_Aim of the task_
Your answer must be the full listing, word for word, with no images in it.
*** Opening of The data ***
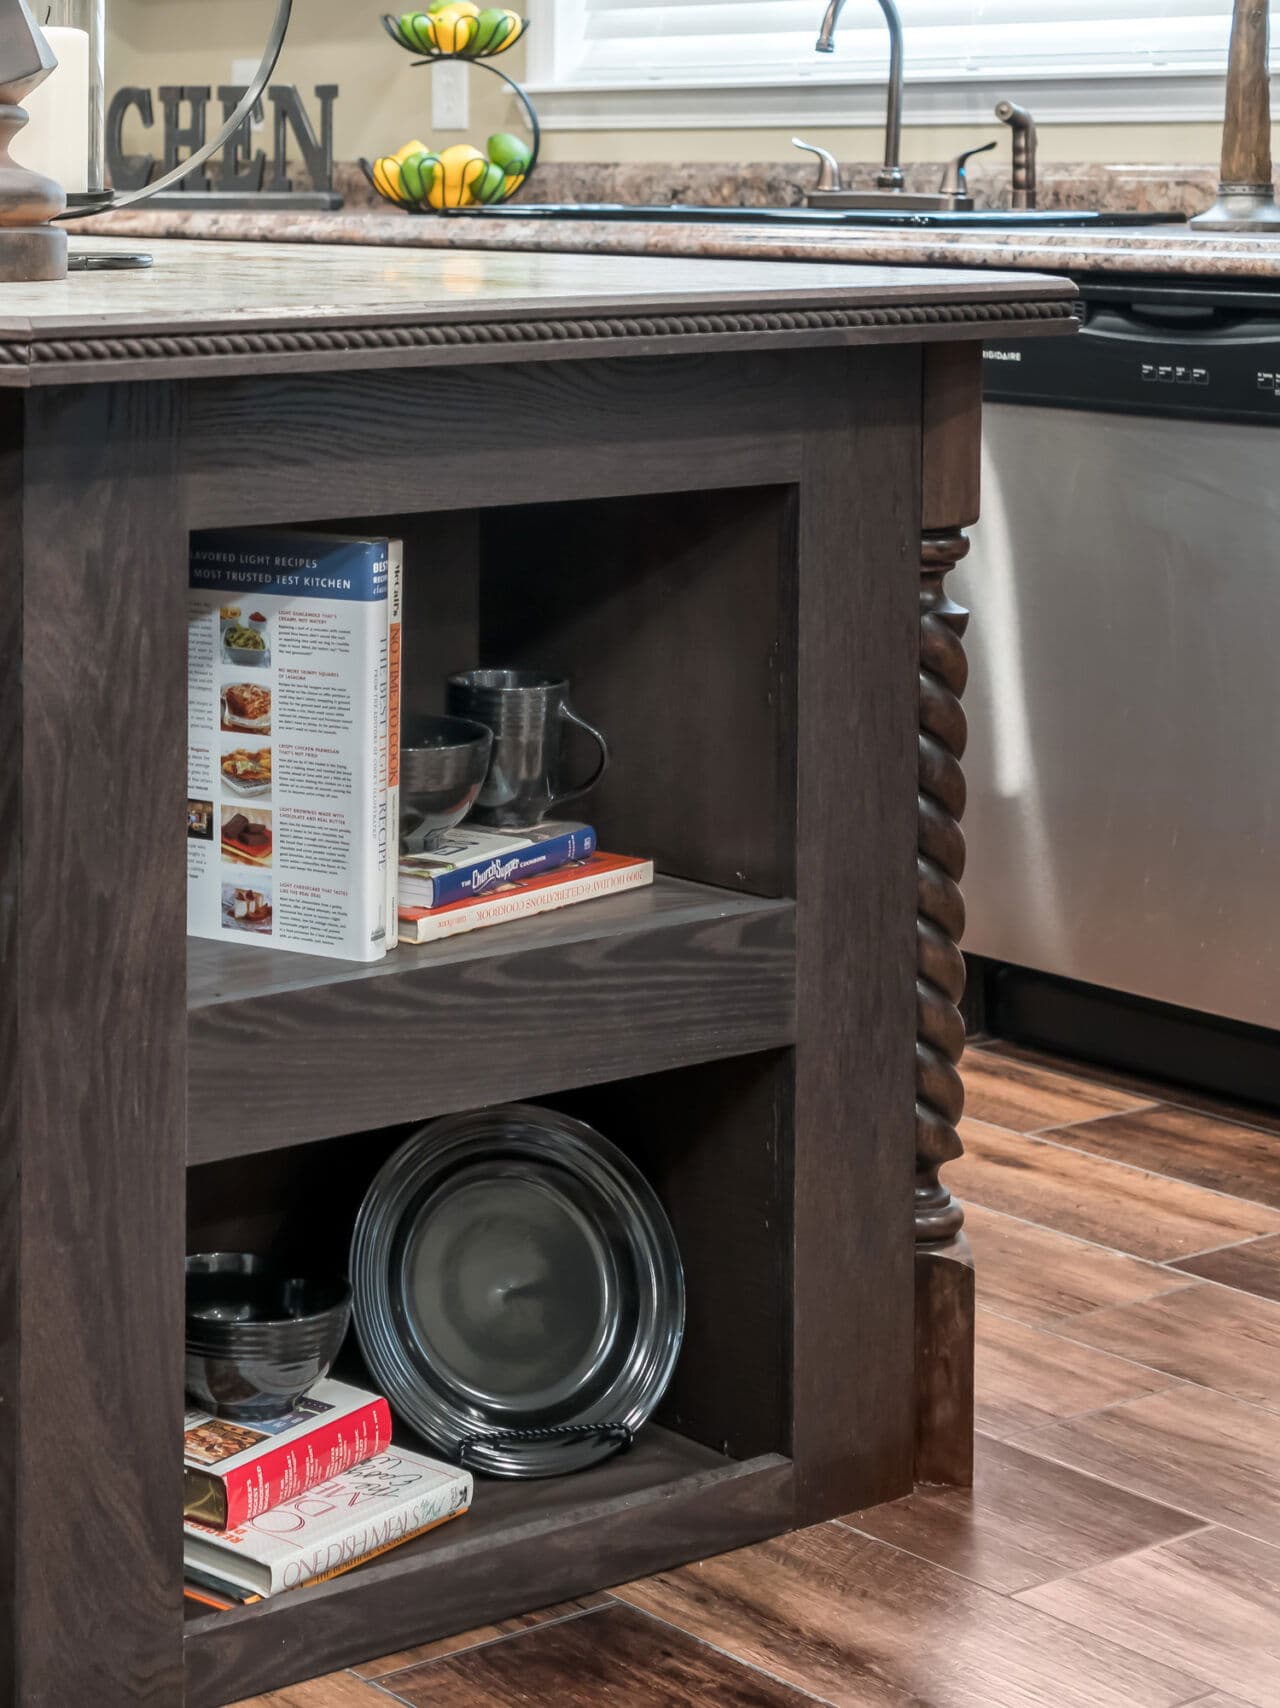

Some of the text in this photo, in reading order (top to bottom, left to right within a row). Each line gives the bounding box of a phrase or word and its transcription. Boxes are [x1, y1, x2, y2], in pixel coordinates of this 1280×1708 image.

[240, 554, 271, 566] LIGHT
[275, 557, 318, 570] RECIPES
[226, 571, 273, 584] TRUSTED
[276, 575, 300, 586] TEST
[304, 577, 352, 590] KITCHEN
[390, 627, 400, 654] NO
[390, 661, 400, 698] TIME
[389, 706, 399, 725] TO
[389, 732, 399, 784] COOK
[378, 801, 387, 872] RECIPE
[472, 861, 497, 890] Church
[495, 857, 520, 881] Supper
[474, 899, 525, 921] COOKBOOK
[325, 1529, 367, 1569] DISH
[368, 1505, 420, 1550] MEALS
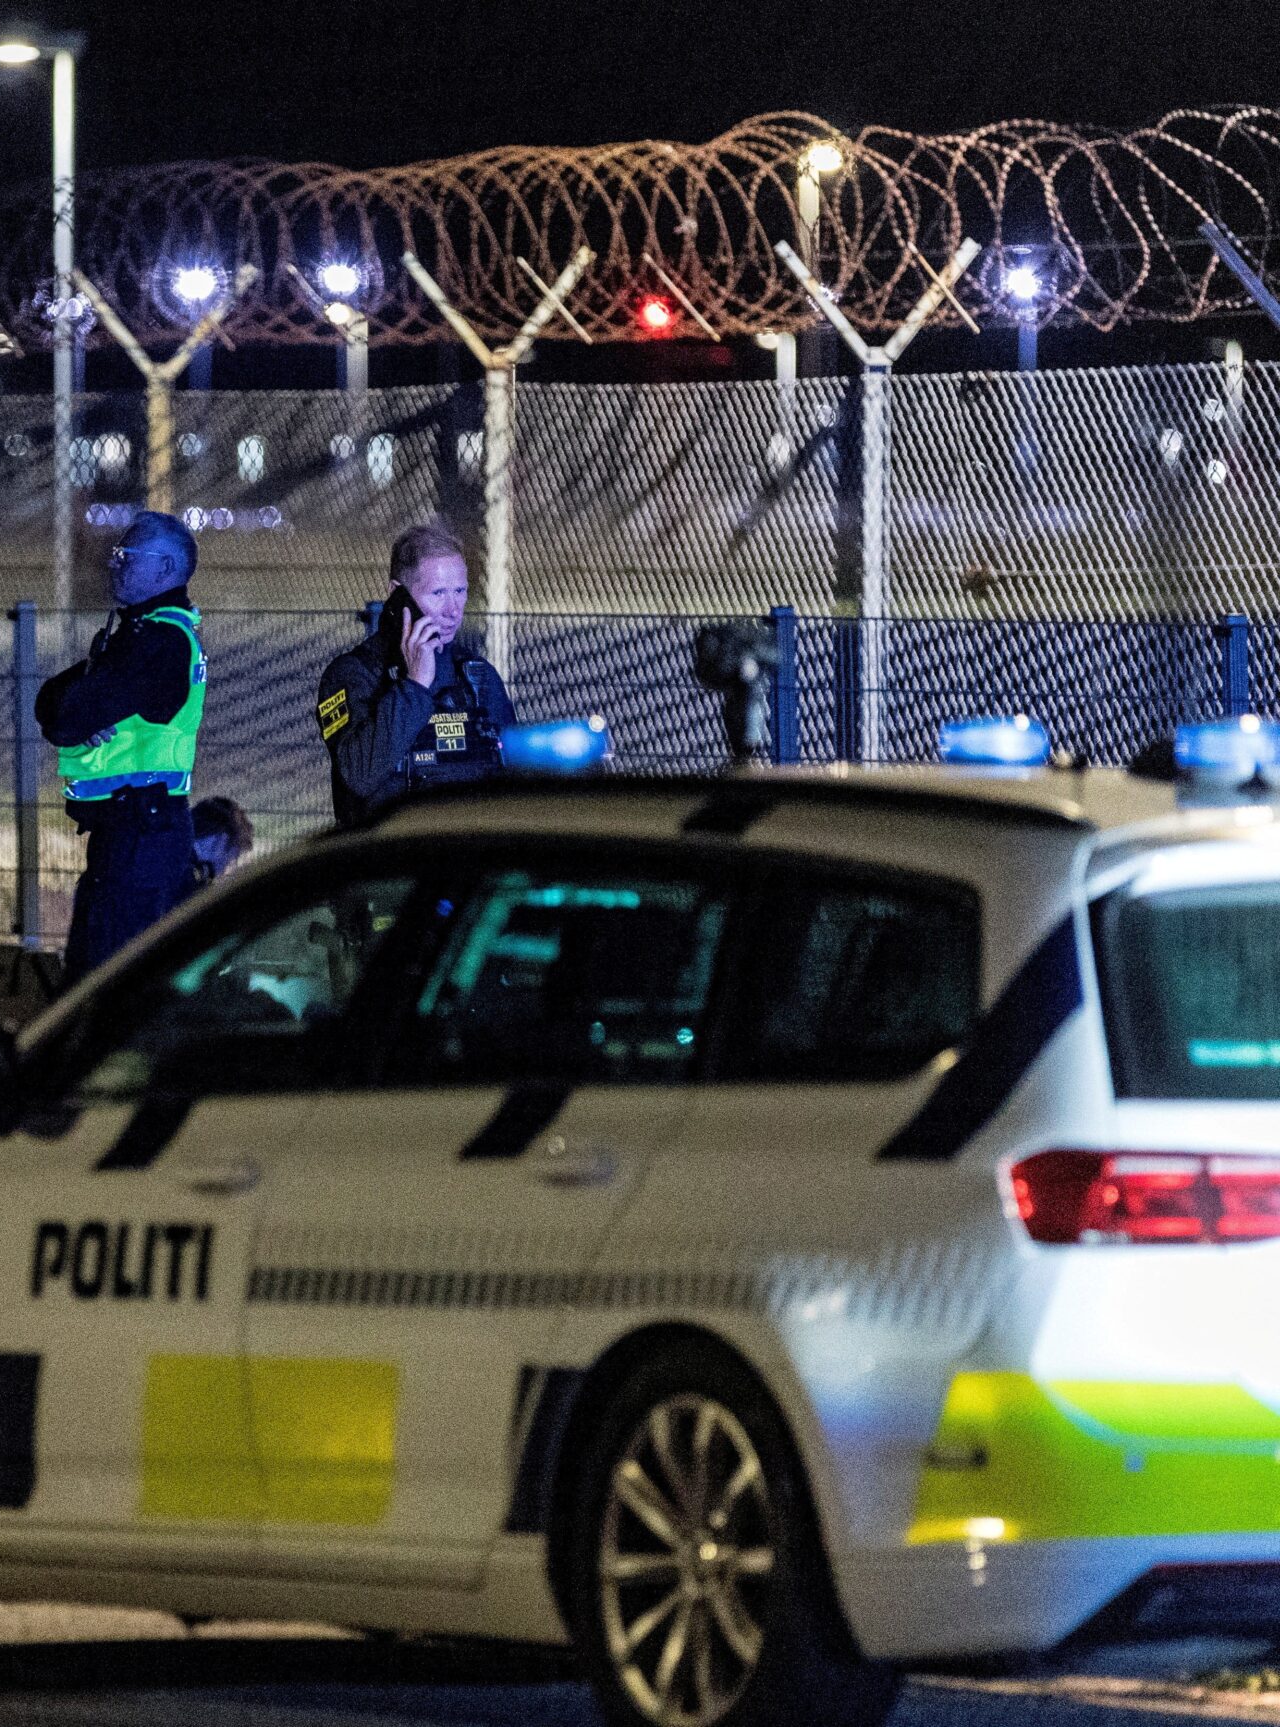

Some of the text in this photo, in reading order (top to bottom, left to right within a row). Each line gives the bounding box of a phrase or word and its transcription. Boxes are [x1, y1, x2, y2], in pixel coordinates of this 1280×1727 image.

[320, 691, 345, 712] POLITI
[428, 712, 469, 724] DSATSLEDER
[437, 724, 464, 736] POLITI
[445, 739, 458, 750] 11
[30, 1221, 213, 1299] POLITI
*** Close of The data ***
_Answer box_
Some of the text in this photo, in reading order (top to bottom, left to right within a row). Each line gives the bounding box of a phrase or word and its transcription. Boxes are [x1, y1, x2, y2], in pixel coordinates of this 1280×1708 image.

[240, 554, 271, 566] LIGHT
[275, 557, 318, 570] RECIPES
[226, 571, 273, 584] TRUSTED
[276, 575, 300, 586] TEST
[304, 577, 352, 590] KITCHEN
[390, 627, 400, 654] NO
[390, 661, 400, 698] TIME
[389, 706, 399, 725] TO
[389, 732, 399, 784] COOK
[378, 801, 387, 872] RECIPE
[472, 861, 497, 890] Church
[495, 857, 520, 881] Supper
[474, 899, 525, 921] COOKBOOK
[325, 1529, 367, 1569] DISH
[368, 1505, 420, 1550] MEALS

Some of the text in this photo, in reading order (top to bottom, left to right within a row). Each line gives the bounding box of a phrase or word and its transcription. Boxes are [x1, y1, x2, y2], in pixel coordinates of this 1280×1727 image.

[320, 691, 345, 712] POLITI
[428, 712, 469, 724] DSATSLEDER
[437, 724, 464, 736] POLITI
[445, 739, 458, 750] 11
[30, 1221, 213, 1299] POLITI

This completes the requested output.